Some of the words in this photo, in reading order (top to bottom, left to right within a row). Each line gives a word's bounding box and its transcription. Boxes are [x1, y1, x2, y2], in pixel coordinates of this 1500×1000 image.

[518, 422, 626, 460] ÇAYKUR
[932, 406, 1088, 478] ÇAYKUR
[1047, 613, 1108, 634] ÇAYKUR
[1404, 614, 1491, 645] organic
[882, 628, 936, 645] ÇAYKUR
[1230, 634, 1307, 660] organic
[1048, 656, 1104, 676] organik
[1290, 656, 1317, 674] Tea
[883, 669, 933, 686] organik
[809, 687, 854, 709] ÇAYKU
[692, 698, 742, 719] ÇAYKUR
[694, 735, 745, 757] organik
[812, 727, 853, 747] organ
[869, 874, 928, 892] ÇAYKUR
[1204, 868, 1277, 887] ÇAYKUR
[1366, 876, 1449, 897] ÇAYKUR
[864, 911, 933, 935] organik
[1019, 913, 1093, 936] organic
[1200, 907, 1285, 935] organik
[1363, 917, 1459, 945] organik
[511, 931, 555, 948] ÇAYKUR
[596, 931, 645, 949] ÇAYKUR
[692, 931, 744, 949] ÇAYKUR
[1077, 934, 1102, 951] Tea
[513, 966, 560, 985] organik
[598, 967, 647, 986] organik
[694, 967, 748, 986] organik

=====

= WORK TO BE COMPLETED =
Reproduce the entries above exactly, every line included.

= TASK RESULT =
Some of the words in this photo, in reading order (top to bottom, left to right within a row). Each line gives a word's bounding box and its transcription. Boxes are [x1, y1, x2, y2], in pixel coordinates of this 1500×1000 image.

[518, 422, 626, 460] ÇAYKUR
[932, 406, 1088, 478] ÇAYKUR
[1047, 613, 1108, 634] ÇAYKUR
[1404, 614, 1491, 645] organic
[882, 628, 936, 645] ÇAYKUR
[1230, 634, 1307, 660] organic
[1048, 656, 1104, 676] organik
[1290, 656, 1317, 674] Tea
[883, 669, 933, 686] organik
[809, 687, 854, 709] ÇAYKU
[692, 698, 742, 719] ÇAYKUR
[694, 735, 745, 757] organik
[812, 727, 853, 747] organ
[869, 874, 928, 892] ÇAYKUR
[1204, 868, 1277, 887] ÇAYKUR
[1366, 876, 1449, 897] ÇAYKUR
[864, 911, 933, 935] organik
[1019, 913, 1093, 936] organic
[1200, 907, 1285, 935] organik
[1363, 917, 1459, 945] organik
[511, 931, 555, 948] ÇAYKUR
[596, 931, 645, 949] ÇAYKUR
[692, 931, 744, 949] ÇAYKUR
[1077, 934, 1102, 951] Tea
[513, 966, 560, 985] organik
[598, 967, 647, 986] organik
[694, 967, 748, 986] organik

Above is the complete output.